Every line of the data is to be transcribed as it stands.
+++
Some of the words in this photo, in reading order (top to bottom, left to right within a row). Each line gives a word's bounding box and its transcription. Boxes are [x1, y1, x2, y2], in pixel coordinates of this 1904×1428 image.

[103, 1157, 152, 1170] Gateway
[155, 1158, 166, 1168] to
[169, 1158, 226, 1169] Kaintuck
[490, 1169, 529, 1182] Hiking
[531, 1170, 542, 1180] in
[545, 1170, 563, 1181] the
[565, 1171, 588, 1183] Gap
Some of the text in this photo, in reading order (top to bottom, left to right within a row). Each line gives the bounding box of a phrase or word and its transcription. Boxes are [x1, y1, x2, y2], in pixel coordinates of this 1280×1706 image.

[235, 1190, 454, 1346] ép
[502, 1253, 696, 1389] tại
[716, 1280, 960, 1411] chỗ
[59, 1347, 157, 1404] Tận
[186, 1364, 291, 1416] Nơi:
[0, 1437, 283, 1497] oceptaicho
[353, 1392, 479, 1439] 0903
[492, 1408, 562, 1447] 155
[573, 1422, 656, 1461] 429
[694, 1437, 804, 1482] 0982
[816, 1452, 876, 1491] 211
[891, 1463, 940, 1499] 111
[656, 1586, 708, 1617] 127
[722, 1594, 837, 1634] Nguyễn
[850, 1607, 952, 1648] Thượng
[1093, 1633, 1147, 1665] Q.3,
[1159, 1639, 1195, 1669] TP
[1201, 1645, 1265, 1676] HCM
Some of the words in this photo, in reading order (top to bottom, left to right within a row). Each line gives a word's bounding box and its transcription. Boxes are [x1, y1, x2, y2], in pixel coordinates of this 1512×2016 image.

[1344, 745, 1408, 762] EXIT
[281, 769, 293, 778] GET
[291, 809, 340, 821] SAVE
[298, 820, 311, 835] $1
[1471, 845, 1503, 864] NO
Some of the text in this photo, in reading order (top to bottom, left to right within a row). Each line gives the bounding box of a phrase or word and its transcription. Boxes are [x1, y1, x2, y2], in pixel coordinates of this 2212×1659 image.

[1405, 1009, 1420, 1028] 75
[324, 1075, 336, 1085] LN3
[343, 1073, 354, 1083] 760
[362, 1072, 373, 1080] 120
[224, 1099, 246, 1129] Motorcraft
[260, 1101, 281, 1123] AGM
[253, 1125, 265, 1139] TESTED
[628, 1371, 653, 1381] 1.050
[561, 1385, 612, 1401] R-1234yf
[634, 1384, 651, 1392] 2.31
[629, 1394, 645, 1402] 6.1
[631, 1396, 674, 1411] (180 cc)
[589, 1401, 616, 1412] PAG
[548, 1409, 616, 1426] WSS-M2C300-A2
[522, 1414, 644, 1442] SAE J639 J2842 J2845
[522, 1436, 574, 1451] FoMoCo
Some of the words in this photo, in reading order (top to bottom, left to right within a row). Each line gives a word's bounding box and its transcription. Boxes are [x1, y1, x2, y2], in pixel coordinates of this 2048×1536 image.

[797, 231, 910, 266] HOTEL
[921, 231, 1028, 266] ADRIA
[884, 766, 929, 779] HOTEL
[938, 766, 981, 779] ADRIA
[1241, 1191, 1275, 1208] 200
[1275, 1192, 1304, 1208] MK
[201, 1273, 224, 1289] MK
+++
#### Answer to the exercise
Some of the words in this photo, in reading order (top to bottom, left to right within a row). Each line gives a word's bounding box and its transcription. Boxes are [x1, y1, x2, y2], in pixel coordinates of this 1904×1428 image.

[103, 1157, 152, 1170] Gateway
[155, 1158, 166, 1168] to
[169, 1158, 226, 1169] Kaintuck
[490, 1169, 529, 1182] Hiking
[531, 1170, 542, 1180] in
[545, 1170, 563, 1181] the
[565, 1171, 588, 1183] Gap
Some of the text in this photo, in reading order (top to bottom, left to right within a row). Each line gives the bounding box of a phrase or word and its transcription. Boxes are [x1, y1, x2, y2], in pixel coordinates of this 1280×1706 image.

[235, 1190, 454, 1346] ép
[502, 1253, 696, 1389] tại
[716, 1280, 960, 1411] chỗ
[59, 1347, 157, 1404] Tận
[186, 1364, 291, 1416] Nơi:
[0, 1437, 283, 1497] oceptaicho
[353, 1392, 479, 1439] 0903
[492, 1408, 562, 1447] 155
[573, 1422, 656, 1461] 429
[694, 1437, 804, 1482] 0982
[816, 1452, 876, 1491] 211
[891, 1463, 940, 1499] 111
[656, 1586, 708, 1617] 127
[722, 1594, 837, 1634] Nguyễn
[850, 1607, 952, 1648] Thượng
[1093, 1633, 1147, 1665] Q.3,
[1159, 1639, 1195, 1669] TP
[1201, 1645, 1265, 1676] HCM
Some of the words in this photo, in reading order (top to bottom, left to right within a row). Each line gives a word's bounding box and its transcription. Boxes are [x1, y1, x2, y2], in pixel coordinates of this 1512×2016 image.

[1344, 745, 1408, 762] EXIT
[281, 769, 293, 778] GET
[291, 809, 340, 821] SAVE
[298, 820, 311, 835] $1
[1471, 845, 1503, 864] NO
Some of the text in this photo, in reading order (top to bottom, left to right within a row). Each line gives the bounding box of a phrase or word and its transcription. Boxes are [x1, y1, x2, y2], in pixel coordinates of this 2212×1659 image.

[1405, 1009, 1420, 1028] 75
[324, 1075, 336, 1085] LN3
[343, 1073, 354, 1083] 760
[362, 1072, 373, 1080] 120
[224, 1099, 246, 1129] Motorcraft
[260, 1101, 281, 1123] AGM
[253, 1125, 265, 1139] TESTED
[628, 1371, 653, 1381] 1.050
[561, 1385, 612, 1401] R-1234yf
[634, 1384, 651, 1392] 2.31
[629, 1394, 645, 1402] 6.1
[631, 1396, 674, 1411] (180 cc)
[589, 1401, 616, 1412] PAG
[548, 1409, 616, 1426] WSS-M2C300-A2
[522, 1414, 644, 1442] SAE J639 J2842 J2845
[522, 1436, 574, 1451] FoMoCo
Some of the words in this photo, in reading order (top to bottom, left to right within a row). Each line gives a word's bounding box and its transcription. Boxes are [x1, y1, x2, y2], in pixel coordinates of this 2048×1536 image.

[797, 231, 910, 266] HOTEL
[921, 231, 1028, 266] ADRIA
[884, 766, 929, 779] HOTEL
[938, 766, 981, 779] ADRIA
[1241, 1191, 1275, 1208] 200
[1275, 1192, 1304, 1208] MK
[201, 1273, 224, 1289] MK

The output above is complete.